If you could get chlortetracycline+ then its sufficient. These come in both tablet and powder form. Severely affected and all sick birds should be separated from the rest and should be treated individually so you know how much medicine a pigeon is getting. Rest can be given mixed in drinking water.


----------



## Jass SamOplay (May 29, 2012)

Sorry,the ointment above can't be used. It as hydrocortisone in it. While treating chlamydia, hydrocortisone can't be used as it can cause the fungus to grow.


----------



## syed (Aug 19, 2014)

*Eye Infection In Baby Pigeons*

Hi Jass,

Hope you are doing good.

Unfortunately, both Terramycin & Tetracycline Eye ointments are unavailable here in Bangalore. They say that these are outdated products, no more in use.

Anyways, the good news is that I was able to find - "Tetracycline Hydrochloride Water Soluble Solution" and also started to give it in drinking water from today to all the birds.

I Would like to know the frequency of using the - "Tetracycline Hydrochloride Water Soluble Solution, in water. Is giving it 2-3 times a week in drinking water fine??

Moreover, since I have started giving this Tetracycline Hydrochloride WS Powder, do I need to avoid "calcium or grit" as per your suggestion.


Meanwhile, I will use Ciplox eye drops, along with Doxy & Enrocin.

Thanks.

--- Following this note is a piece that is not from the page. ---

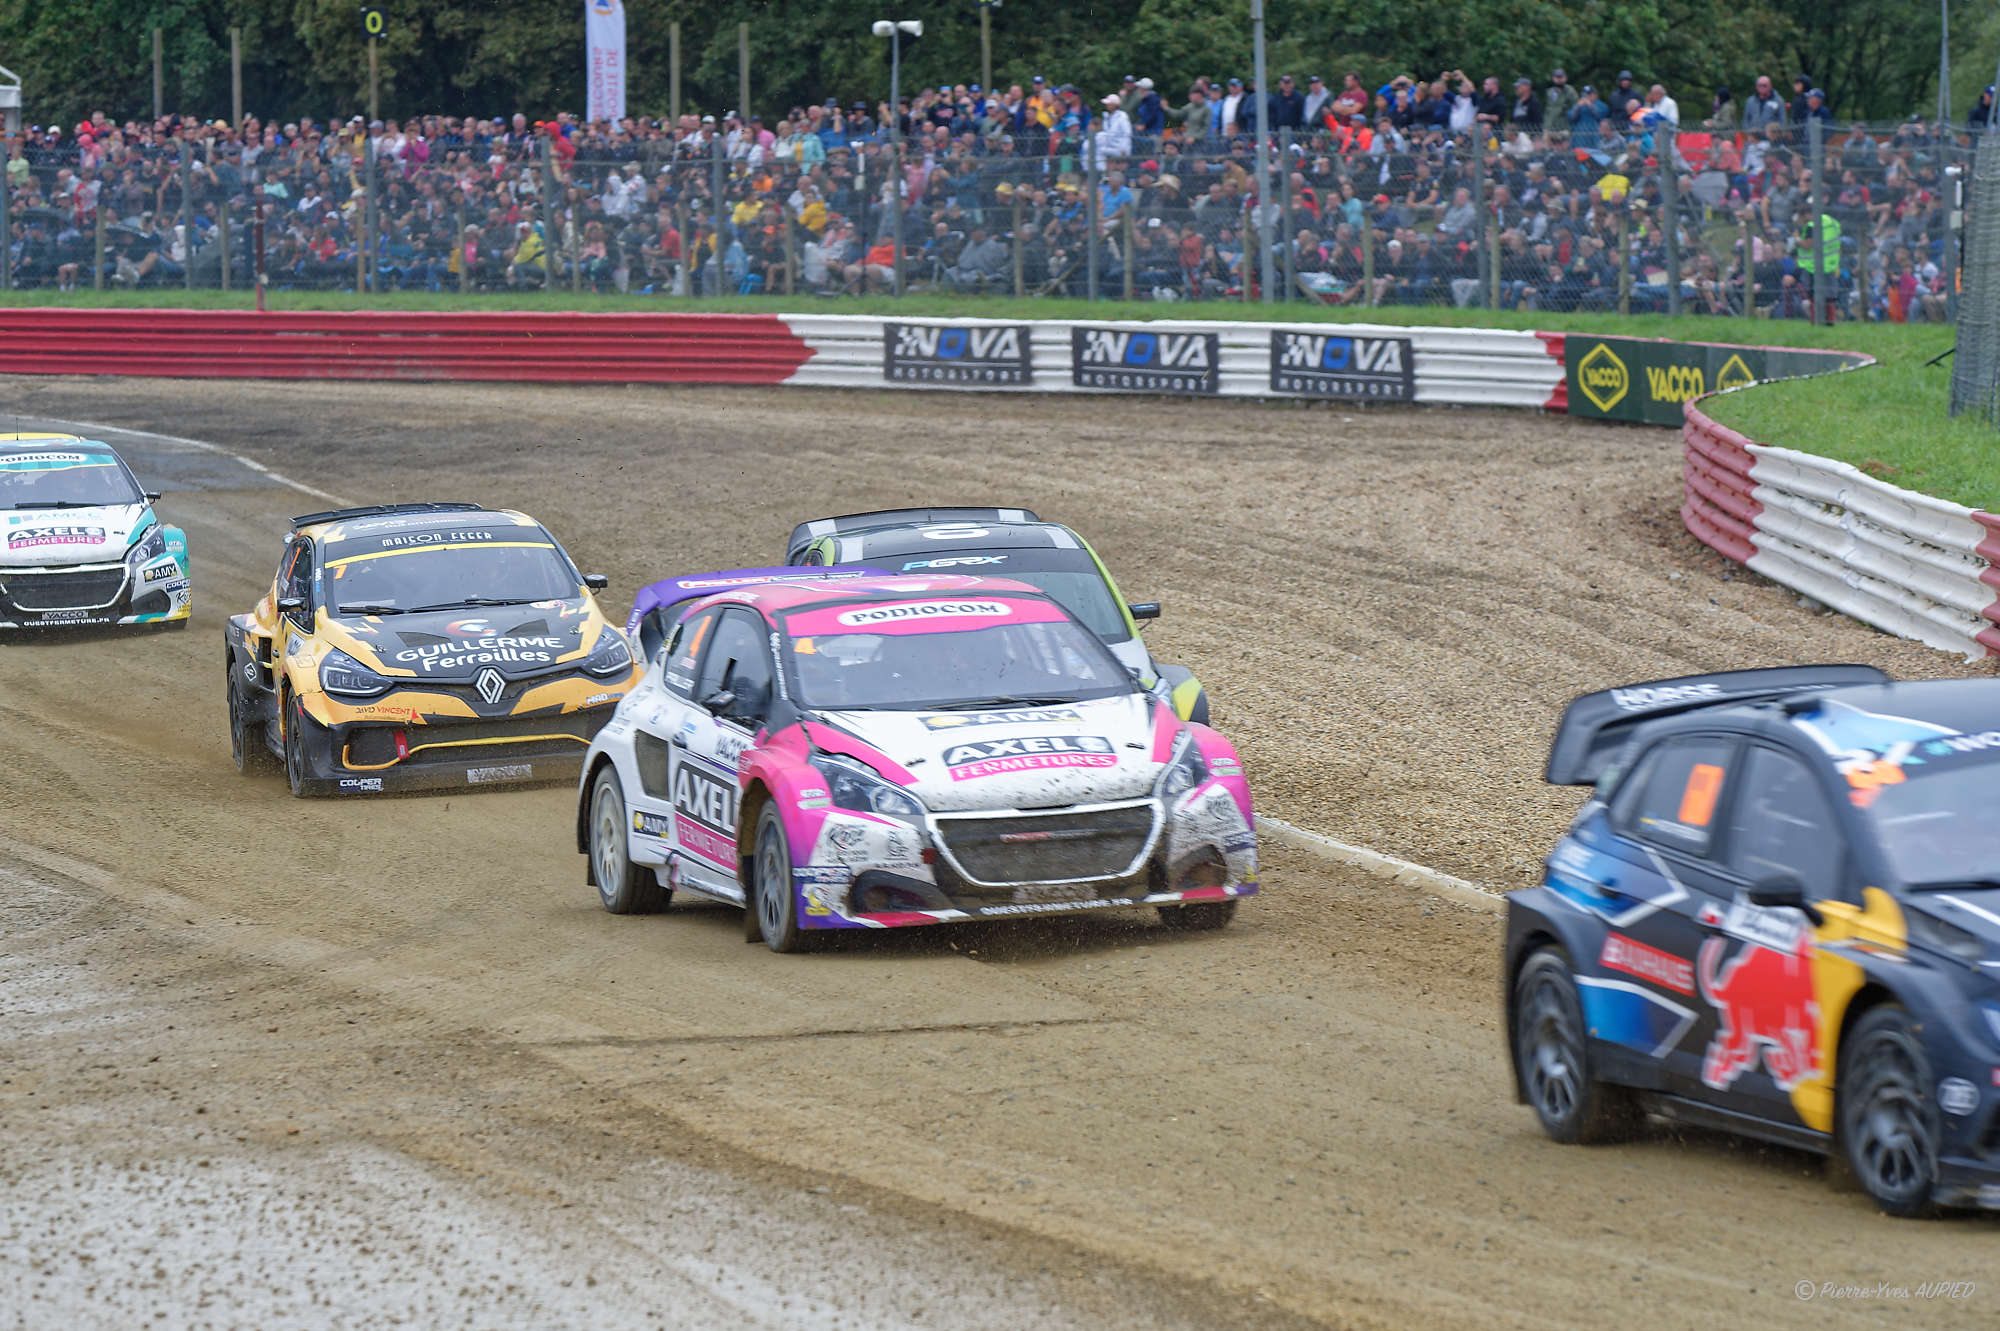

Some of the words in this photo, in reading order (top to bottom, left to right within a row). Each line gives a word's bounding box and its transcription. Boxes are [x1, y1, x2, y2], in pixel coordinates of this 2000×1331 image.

Waiting for ur reply.


----------



## Jass SamOplay (May 29, 2012)

You must ask the guy who said terramycin is outdated that what has replaced it,give me that. He's giving you tetracycline hcl powder and at the same time says tetracycline hcl ointment is out of date...how lame.. Alright

Yes you need to pull out calcium and grit. I gave this powder at half a teaspoon to a litre of water for CONTINOUS 12-15 days for treatment. If you give 2-3 times a week that's not gonna help,the bacteria causing the ailment will build resistance to the drug instead. So when you treat with this drug, treat for a continous period. After that you can run a prevention course with this drug for 5 days in drinking water after 3-6 months(,depending). Remove all other water sources from loft,give medicated water only during treatment.


----------



## Jass SamOplay (May 29, 2012)

Quite robust loft you've made Syed...hmmmmm
For how long have you been keeping pigeons in this setup???


----------



## Ananth_Tvli (Jun 26, 2014)

Syed has made few more alterations to his loft and now even has it under constant surveillance to monitor and deter some crazy goons who are after his birds.


----------



## Jass SamOplay (May 29, 2012)

What sort of alterations and what goons???


----------



## syed (Aug 19, 2014)

*Eye Infection in Baby Pigeons*

Hi Jass,

Thanks for your advice.

Here in Bangalore, "Terramycine/Tetracycline eye ointment is not available in any of the Vet Store. They suggest me to get it from the General Pharma. Those guys of the General Medicals tell me that these are Outdated. They dont even know the substitute of this. Infact, one of them told me that these were available 20-30 yrs back. I am really confused. Anyways, please suggest me a substitute for this Ointment. The " tetracycline hcl powder" I got it from the Vet Pharma, but the same ointment is no where available.
Really confused....

There is a last ray of hope, as in, I have to check out in one of the known Vet Pharmas here. Will visit it over the weekend for - "Terramycine/Tetracycline eye ointment". If there it is not available, then no hope of getting it anywhere here in B'lore. "Ciplox" is the alternative what I will use(pls suggest on this).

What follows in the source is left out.